Wednesday, February 23, 2011

SAUSAGE AND BEAN CASSEROLE

SAUSAGE AND BEAN CASSEROLE adapted from 
See I cut this in half because it was the first attempt and I did not want to be inundated with something if I hated it. Well I loved it and so did everyone else except Evan. I will note my alterations in parenthesis.
Ingredients
12 slice(s) white sandwich bread (1-1/2 C Italian seasoned breadcrumbs)
3 Tbsp melted butter
salt
pepper
2 package(s) (1 pound each) smoked Polish sausage, halved lengthwise, cut into 2 1/2-inch pieces (I used only one package)
2 large onions, chopped (only used 1 onion)
8 clove(s) garlic, chopped (only used 4 cloves)
1/2 cup(s) tomato paste (used 1/4 C paste)
1 can(s) (14 1/2-ounce) reduced-sodium chicken broth (used 7.25 oz of chicken broth)
1 cup(s) dry red wine (used 1/2 C of white wine)
1 teaspoon(s) dried thyme (our of thyme so I used 1/2 tsp sage)
4 can(s) (14 1/2 ounces each) Great Northern or cannelloni beans, rinsed and drained (I buy the gigantic cans so I used 1 can- 40 oz- of white beans)
I also added: 1 tsp lemon pepper, 2 tsp Adobo, 1 tsp poultry seasoning, and 1 C of cooked white rice that was left over in the fridge)
Directions
1.In a food processor, pulse bread until large crumbs form (you should have about 6 cups); season with salt and pepper. Set aside. (I did not do this I used already made crumbs)

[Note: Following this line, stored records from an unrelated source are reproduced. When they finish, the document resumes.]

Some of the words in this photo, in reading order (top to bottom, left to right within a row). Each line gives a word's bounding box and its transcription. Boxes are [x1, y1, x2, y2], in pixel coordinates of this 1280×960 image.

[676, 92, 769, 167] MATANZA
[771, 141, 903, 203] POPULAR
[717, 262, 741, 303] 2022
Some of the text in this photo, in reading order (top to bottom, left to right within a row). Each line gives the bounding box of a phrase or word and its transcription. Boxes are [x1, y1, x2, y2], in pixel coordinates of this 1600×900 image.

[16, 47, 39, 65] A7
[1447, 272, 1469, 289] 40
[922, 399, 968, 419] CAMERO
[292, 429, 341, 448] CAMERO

2.Preheat oven to 375 degrees. In a 6-quart heavy-bottom saucepan, cook sausage, onions, and garlic, stirring occasionally, until onions are translucent and sausage is starting to brown, 15 to 20 minutes.
3.Add tomato paste, broth, wine, thyme, and 2 cups water( I cut the water to 1 Cup and added the lemon pepper, Adobo, poultry seasoning and rice); bring to a boil. Reduce to a simmer; add beans. Simmer, stirring occasionally, until slightly thickened but still soupy, about 10 minutes.

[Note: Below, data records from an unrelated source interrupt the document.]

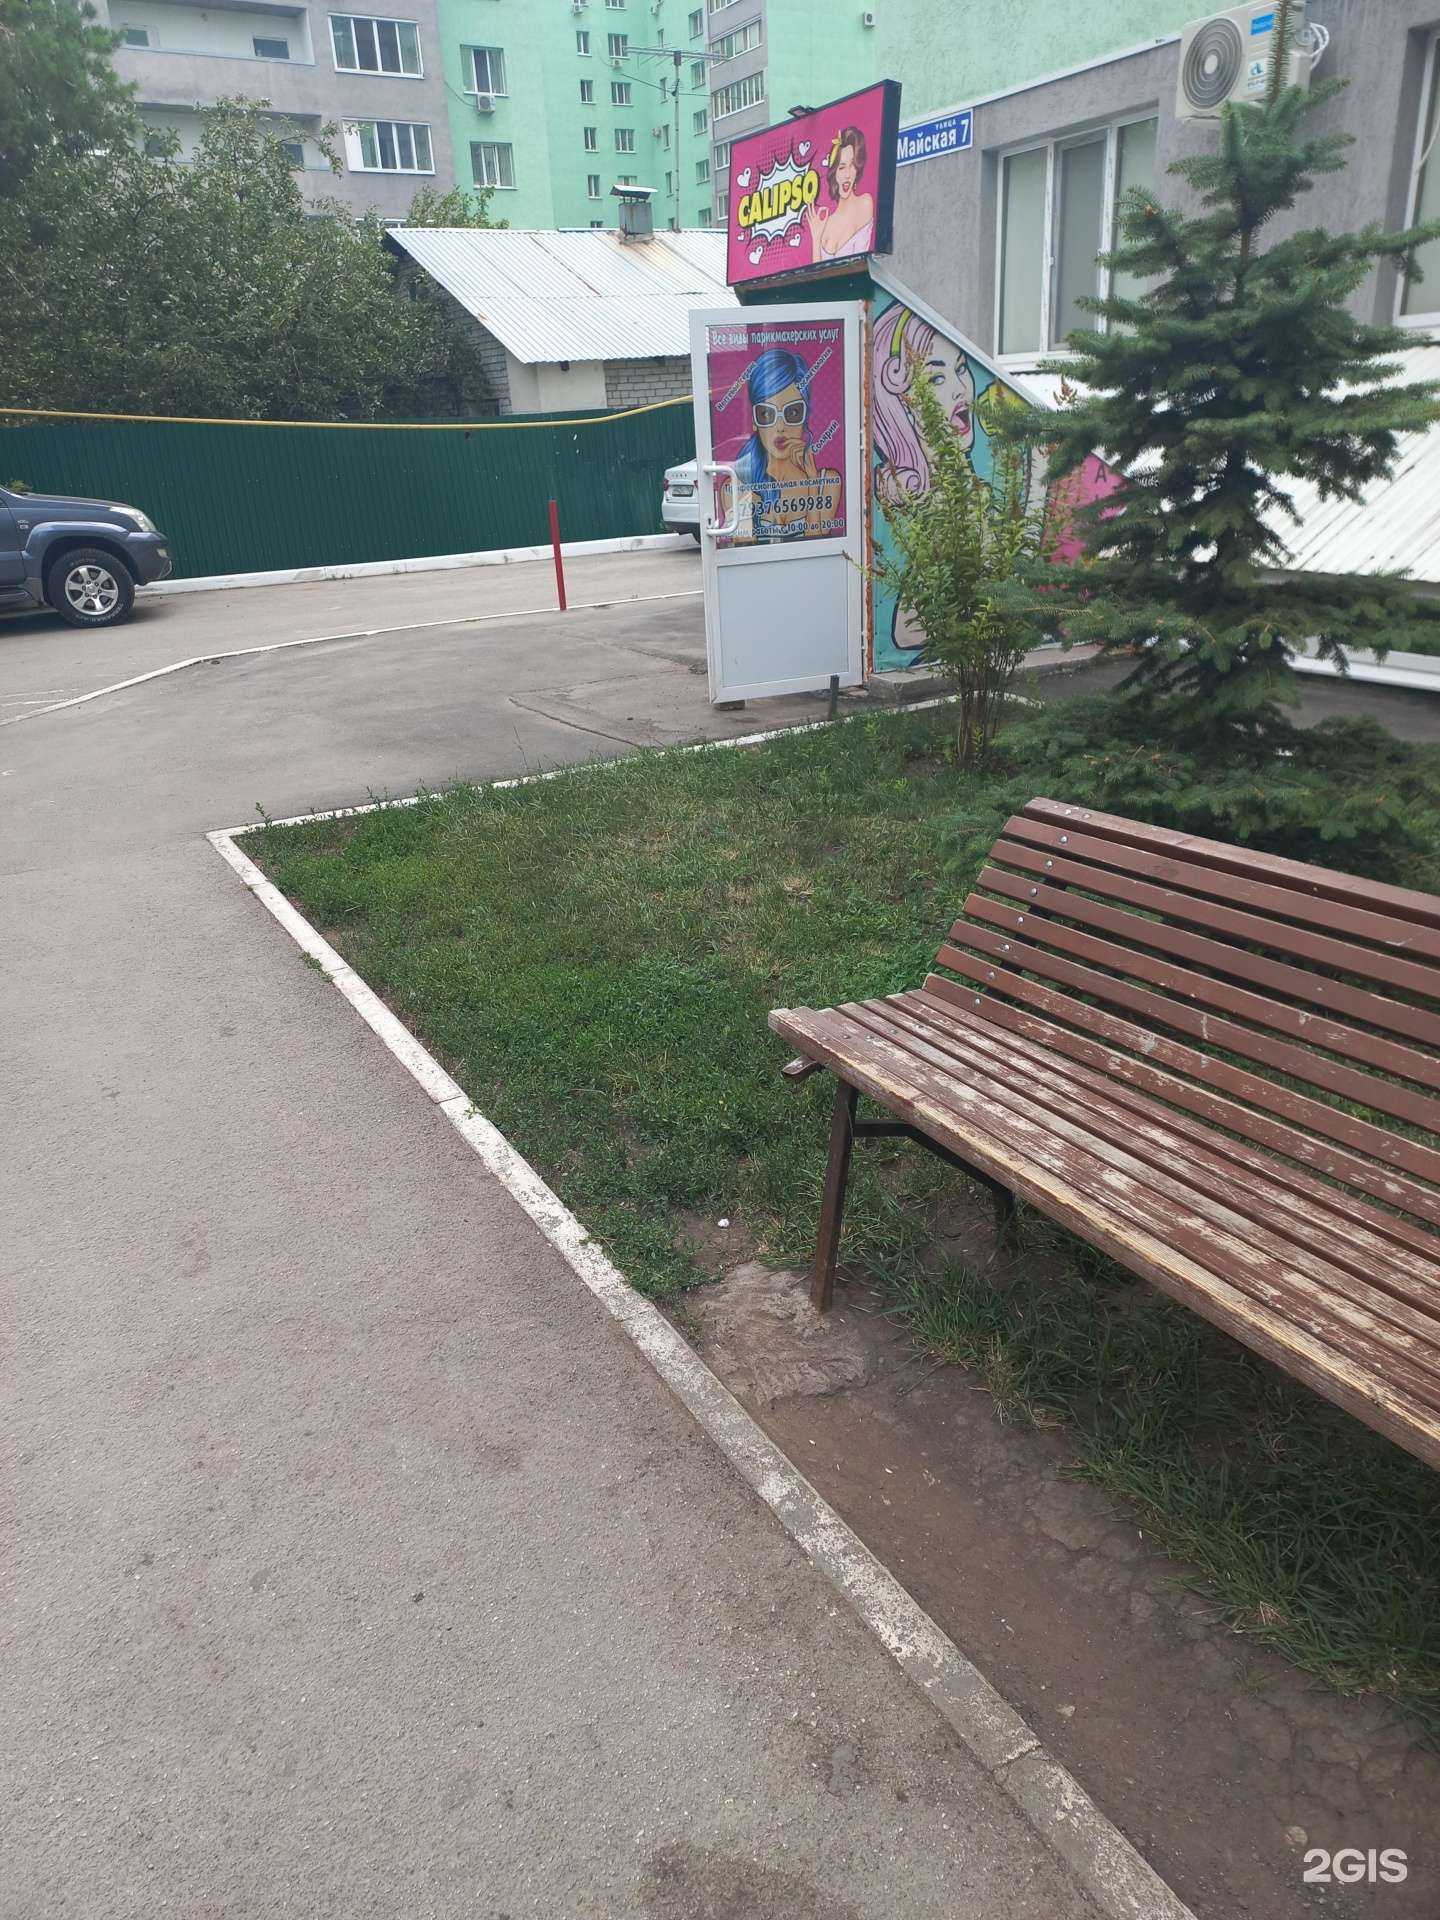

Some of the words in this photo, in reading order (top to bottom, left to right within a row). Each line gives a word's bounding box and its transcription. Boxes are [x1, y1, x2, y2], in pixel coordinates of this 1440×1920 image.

[897, 128, 957, 160] Майская
[961, 118, 969, 143] 7
[738, 169, 819, 228] CALIPSO
[751, 328, 817, 348] парикмахерских
[818, 327, 840, 344] услуг
[799, 477, 840, 488] косметика
[788, 521, 808, 532] 10:00
[810, 523, 819, 531] до
[821, 518, 845, 530] 20:00

4.Stir in 2 cups of the breadcrumbs( I did not stir in any crumbs since I added the rice). Divide sausage mixture between two 3-quart shallow baking dishes (only used 1 baking dish since I halved the recipe)or eight 10-ounce ramekins. Top with remaining breadcrumbs.
5.Bake, on a baking sheet, until topping is golden, 30 minutes.


I wish I could take photos of every recipe I attempt but lately more then usual 3pm hits and the kids turn into these crazy, half-starved, attention-deprived creatures. I literally barely make the food fast enough for them, I get it to the table right from the oven no pit stops. Interesting crowd these boys of mine.